The red-and-white had a dominant run to the final round, earning four sweeps over the past month, including a 4-0 win over No. 6 Stanford in the semifinals. But one day later, NC State fell short in both singles and doubles in its first-ever finals appearance.
“We were right there,” said head coach Simon Earnshaw. “I think we just lacked a little bit of stability and composure in the moment to kind of execute what we needed to do. It came down to a few details here and there, a couple of shots in doubles I wish we had back. But I mean, overall, it was a great season…So it's still a great accomplishment and hopefully, in time, the girls will reflect on this and realize what we did.”
NC State captured the all-important doubles point the last time the rivals met — a key part in gaining momentum for its 4-1 win in the ACC Championships. This time, UNC got ahead of the Pack’s bid for another quick start, taking the first and third doubles courts to gain a 1-0 lead. Despite No. 4 freshman Diana Shnaider and graduate student Alana Smith’s 6-4 win on court one, the Wolfpack needed a strong singles round in order to get back in it.
But besides for No. 7 Shnaider’s 6-3, 6-4 win over fellow star freshman No. 8 Reese Brantmeier, NC State fell flat in singles. The freshman’s win was the pinnacle of her performance in the tournament. She was dominant in every match from beginning to end, but NC State conceded three straight matches after Shnaider tied it at 1-1 as UNC separated itself from the Wolfpack.

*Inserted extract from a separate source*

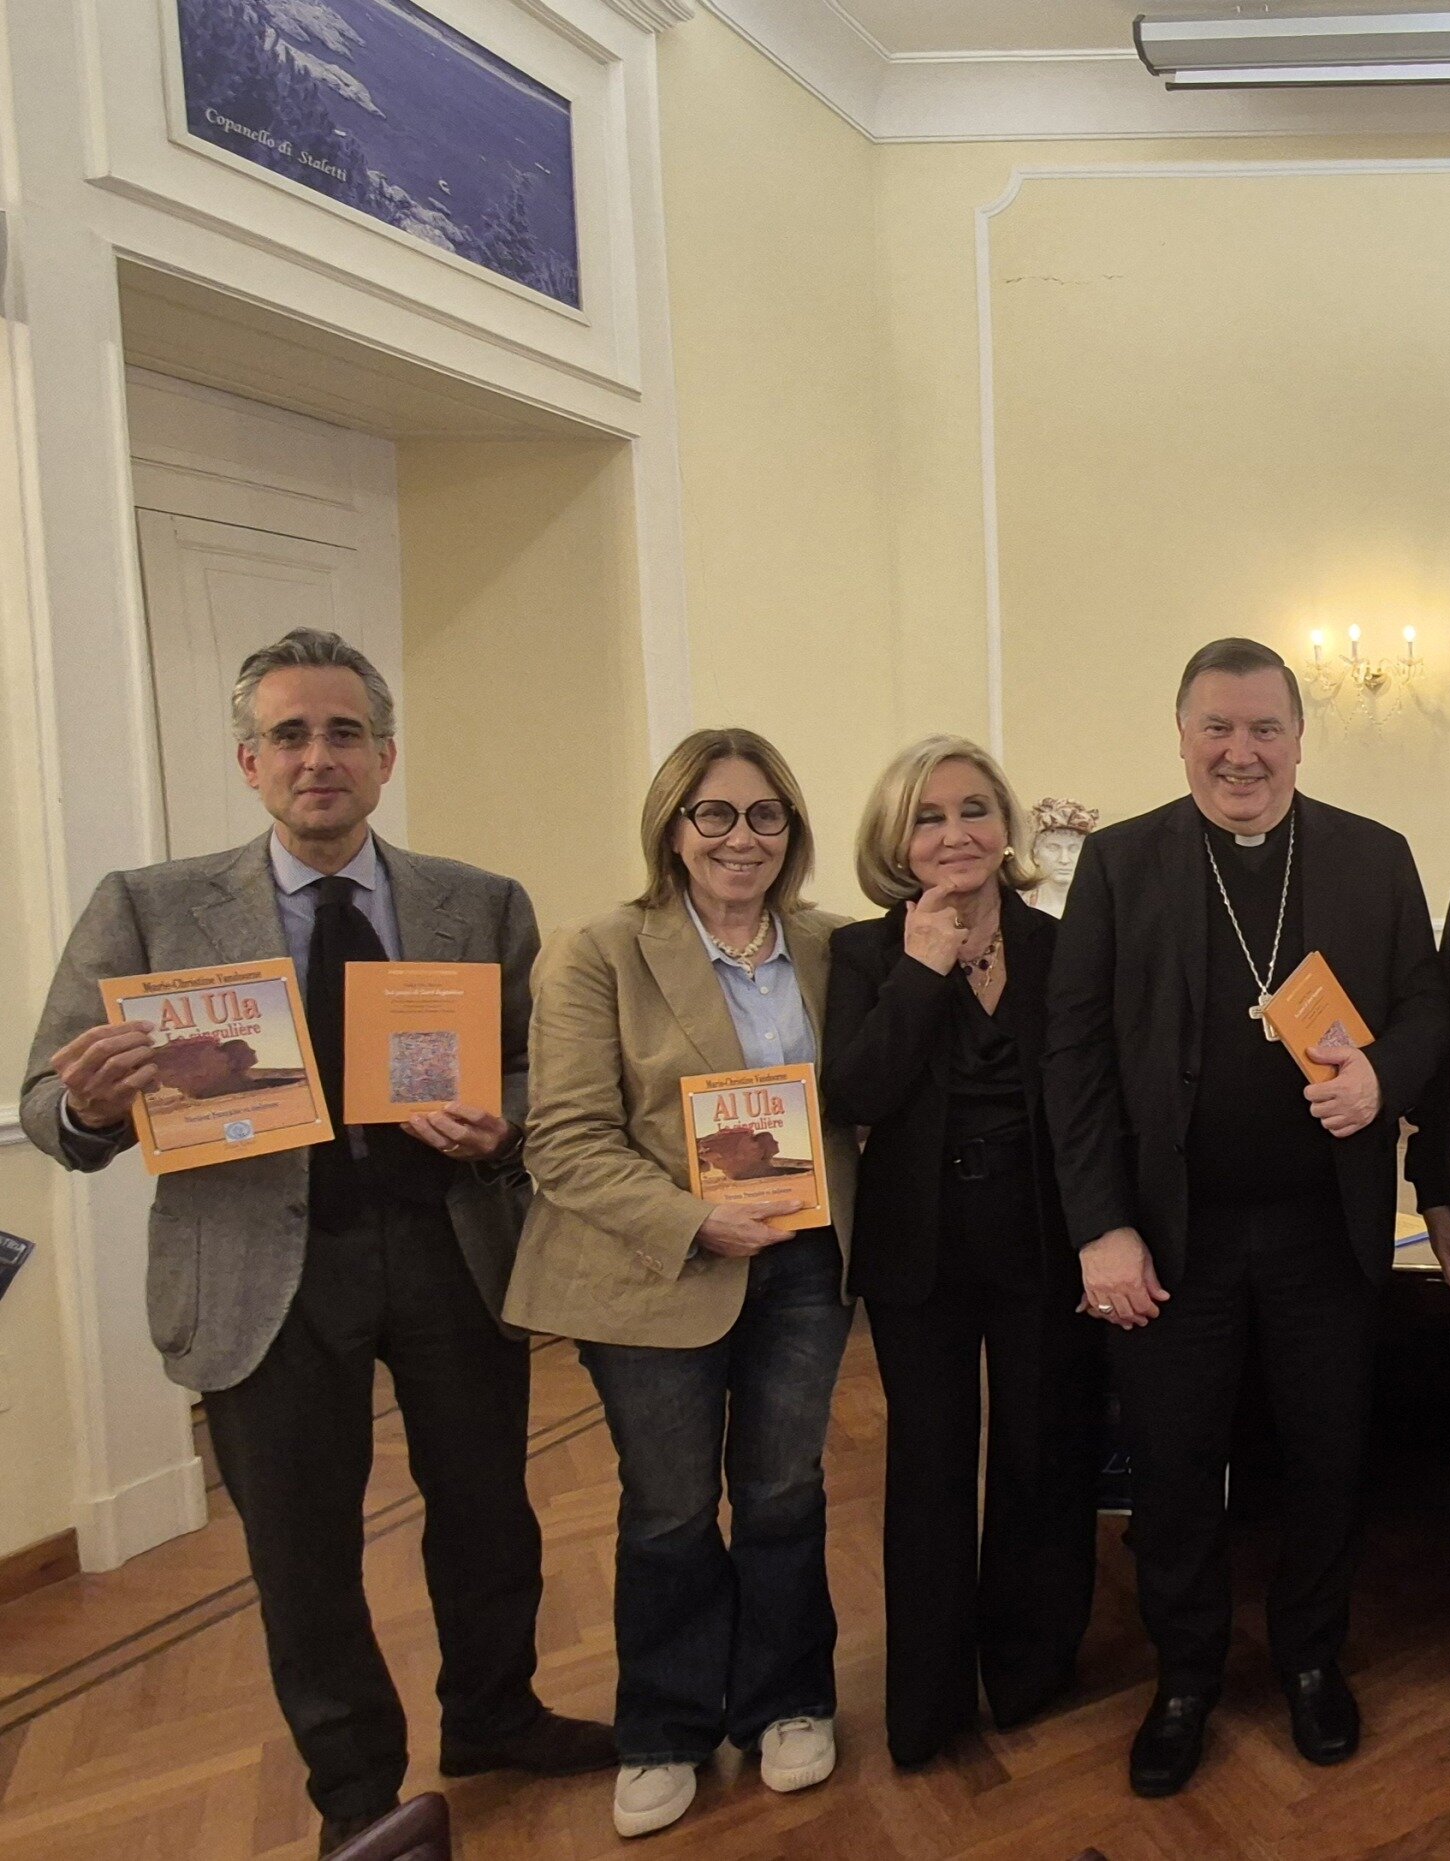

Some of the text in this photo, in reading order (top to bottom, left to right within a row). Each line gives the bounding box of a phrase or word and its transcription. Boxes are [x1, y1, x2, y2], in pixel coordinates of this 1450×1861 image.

[205, 107, 275, 149] Copanello
[278, 141, 292, 156] di
[159, 989, 262, 1032] Al Ula
[713, 1088, 785, 1122] Al Ula

“I mean, when you play a team like that, you’ve got to close them out at that moment in time,” Earnshaw said. “We've got an absolute stone-cold killer at No. 1. Diana, she's just fearless and that's why she's as good as she is. She doesn't doesn't back down and she just runs right into things and gets through.”
Carolina’s No. 1 Fiona Crawley took out No. 13 Smith in straight sets on court two, finishing off the graduate with a 7-2 win in the second set tiebreaker to make it 2-1. The Heels won another two-setter to make it 3-1 — a 7-6 (9-7), 6-3 win over No. 87 junior Abigail Rencheli.

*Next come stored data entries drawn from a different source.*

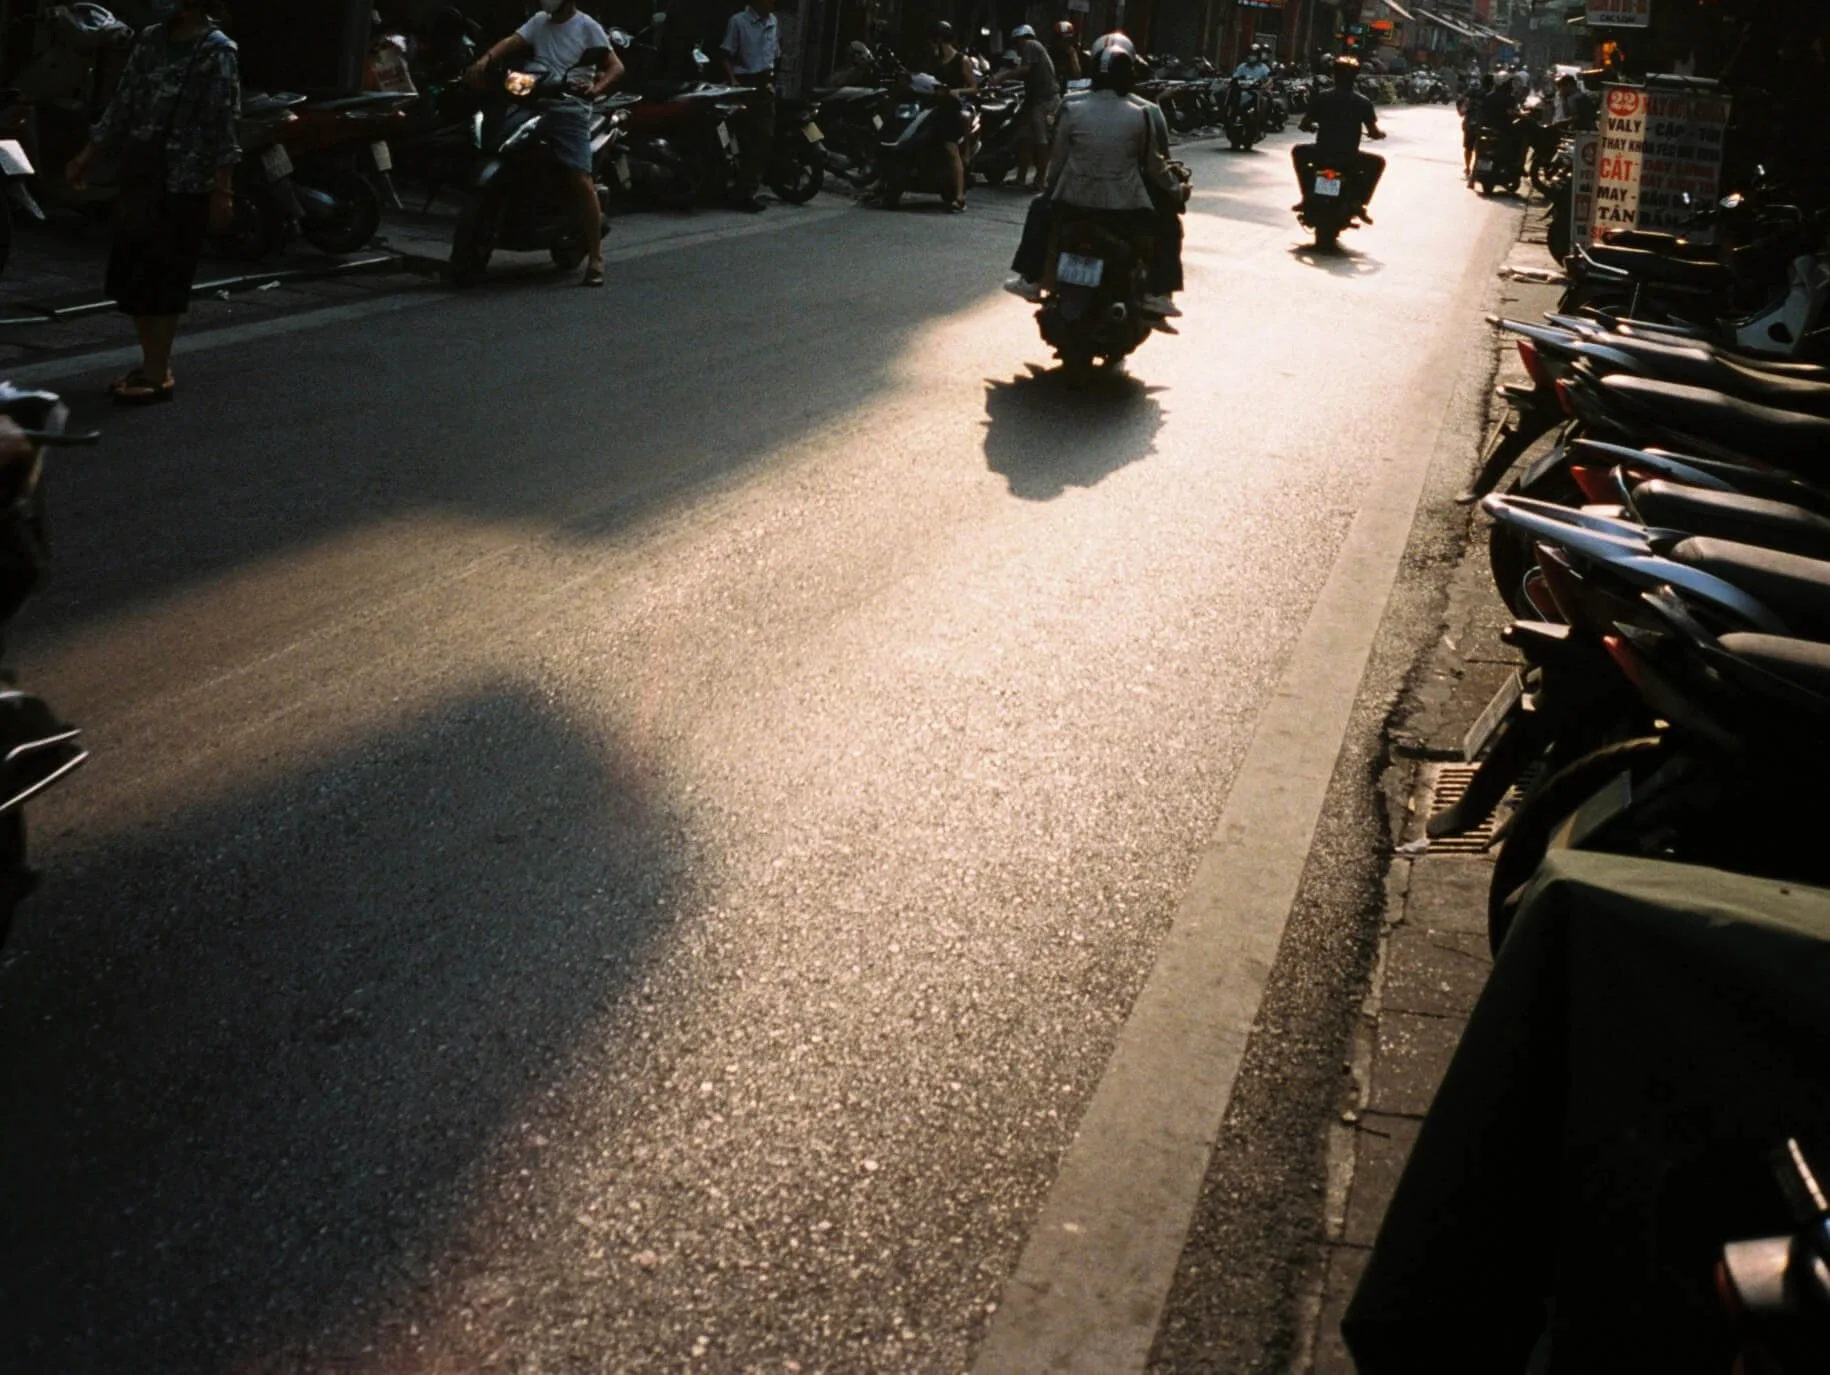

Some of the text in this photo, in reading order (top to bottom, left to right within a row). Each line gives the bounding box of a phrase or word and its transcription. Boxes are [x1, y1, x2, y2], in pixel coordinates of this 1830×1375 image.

[1609, 91, 1637, 111] 22
[1607, 118, 1642, 133] VALY
[1602, 137, 1627, 151] THAY
[1600, 152, 1633, 182] CẮT
[1597, 186, 1628, 202] MAY

UNC’s win over No. 26 junior Amelia Rajecki was the final nail in the coffin for NC State. Despite Rajecki pushing the match to three sets, her opponent, No. 28 Carson Tanguilig, got the better of the junior in the third set, granting a national championship victory for the Heels.

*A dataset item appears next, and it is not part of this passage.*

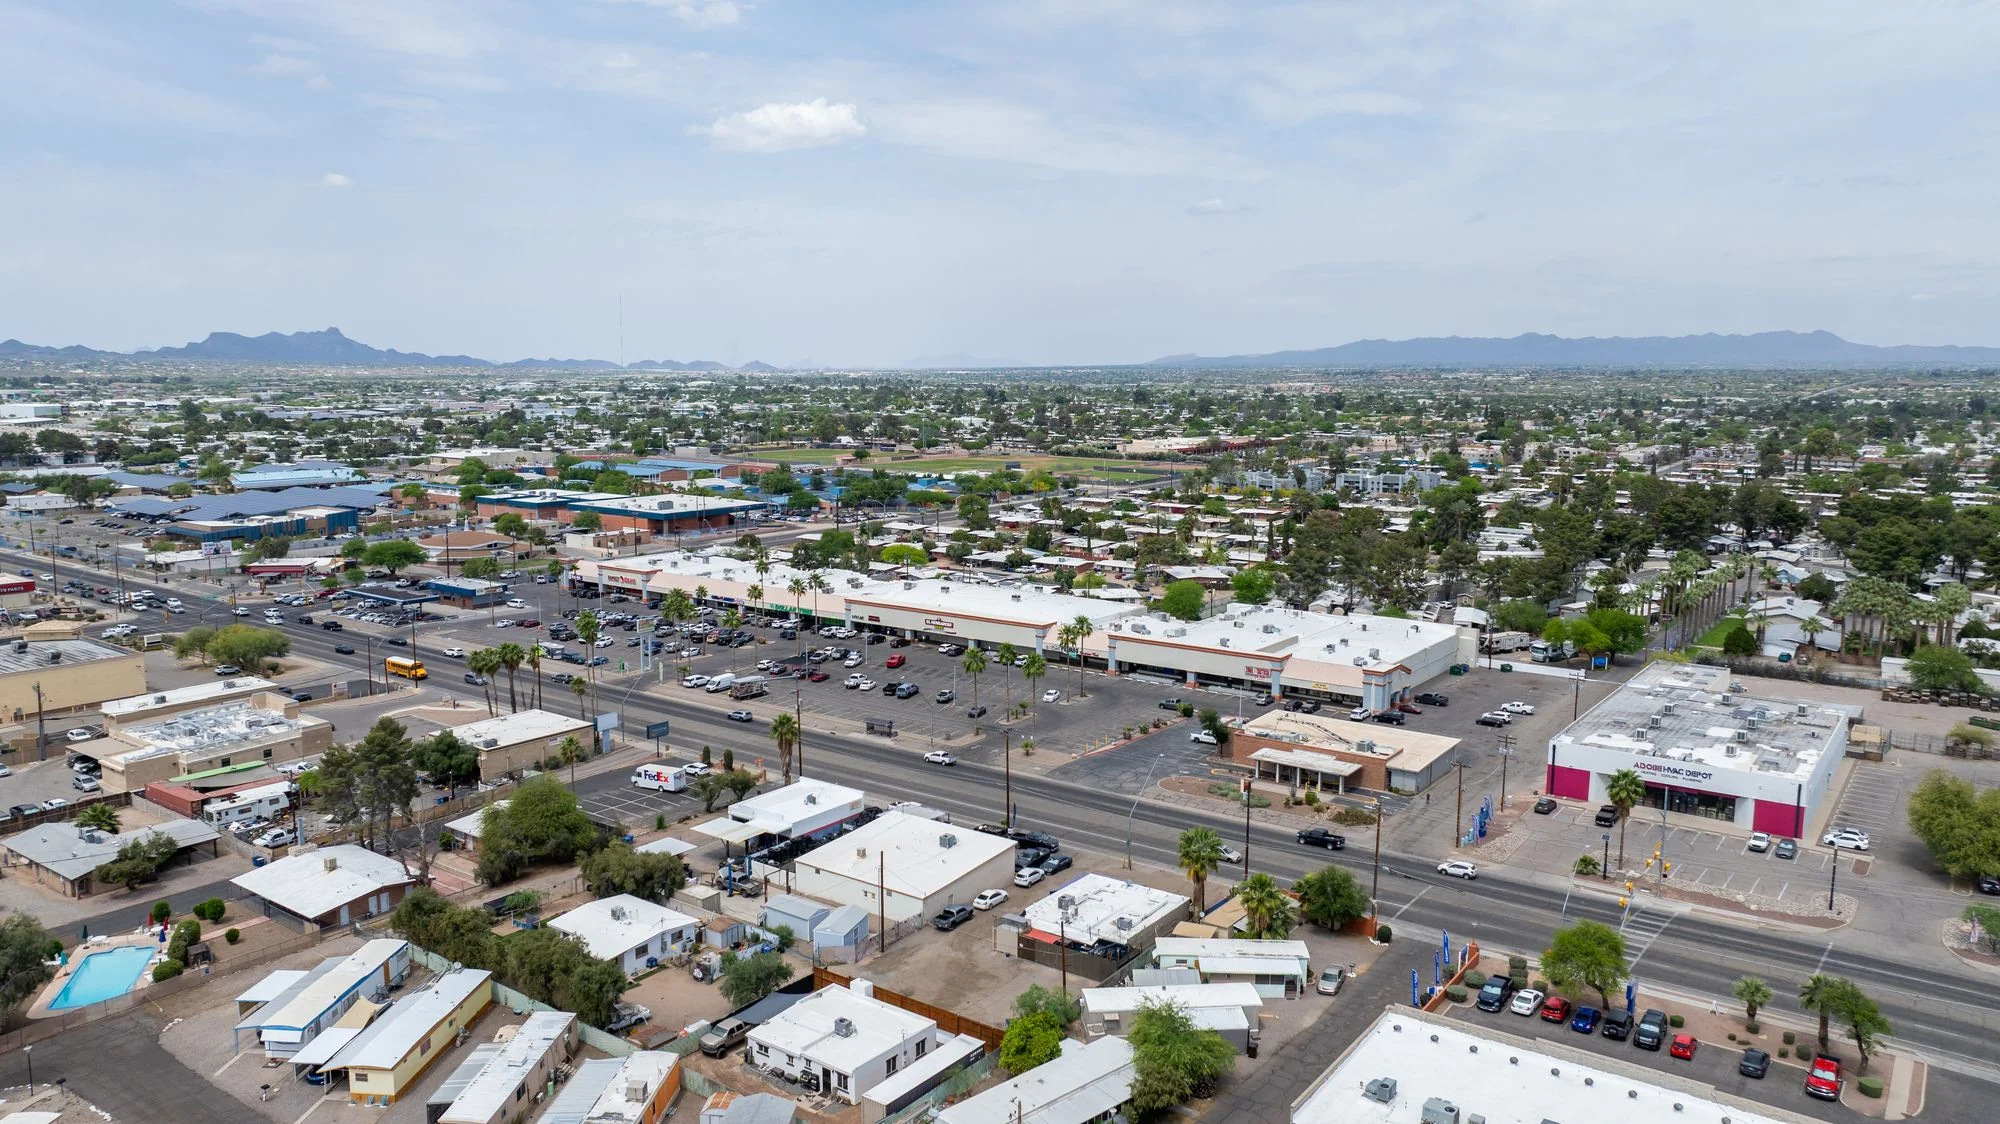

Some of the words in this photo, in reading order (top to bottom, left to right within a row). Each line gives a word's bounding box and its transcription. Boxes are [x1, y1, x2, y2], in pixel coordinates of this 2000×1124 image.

[644, 770, 669, 783] FedEx
[1633, 762, 1662, 772] ADOBE
[1663, 766, 1684, 775] HVAC
[1685, 769, 1712, 779] DEPOT

NC State’s remaining players, juniors Sophie Abrams and Gina Dittmann, were battling in their respective third sets on courts five and six. However, play was stopped after UNC clinched the win.
Carolina delivered a dose of the same medicine NC State dished out in the ACC Championships, but the three-match series between the two squads in 2023 didn’t just provide top-notch entertainment for the college tennis world.
It added to the NC State women’s tennis program legacy as one of the school’s best and most successful squads, it added to the legacy of the never-ending NC State-UNC rivalry and it added to Earnshaw’s legacy as one of the most successful coaches in school history.
“I mean, I think we're a working-class program, we're not like that other team, we’re just not created the same way. Maybe I'm going off on a tangent here — I think it's a great school for me to represent, so I’m thankful for the opportunity that I was given when nobody would give me a chance and here we are. I think it represents me well, and I'm proud of that. And my family is proud to be at NC State. I think you can see very clearly that the players love the school and love the history that goes with that.”
The Pack’s first-ever finals appearance is certainly one to build off of. It was going to be hard for NC State to eclipse its 2022 season, but the Wolfpack’s final record of 28-5, a conference championship and a national championship appearance in 2023 created a brand new high for the program.
Earnshaw and NC State aren’t done quite yet. While a new year will see roster changes, new challenges and likely some more dramatics across the season, NC State’s consistent and sharp improvement across the past few years has been evident. Earnshaw and his team have solidified themselves as a titan of college tennis and a regular title contender, and the Wolfpack will undoubtedly be competing for more titles in 2024 and beyond because of the squad’s steady rise into the upper echelon of college tennis.
“The last thing I told them was: I think anything you do in life, you want to pass it on better than when you came into it,” Earnshaw said. “I definitely think each year we're starting at a higher level. Next year — now we've accomplished this, this year — we're going to start at a higher level than we've ever been.”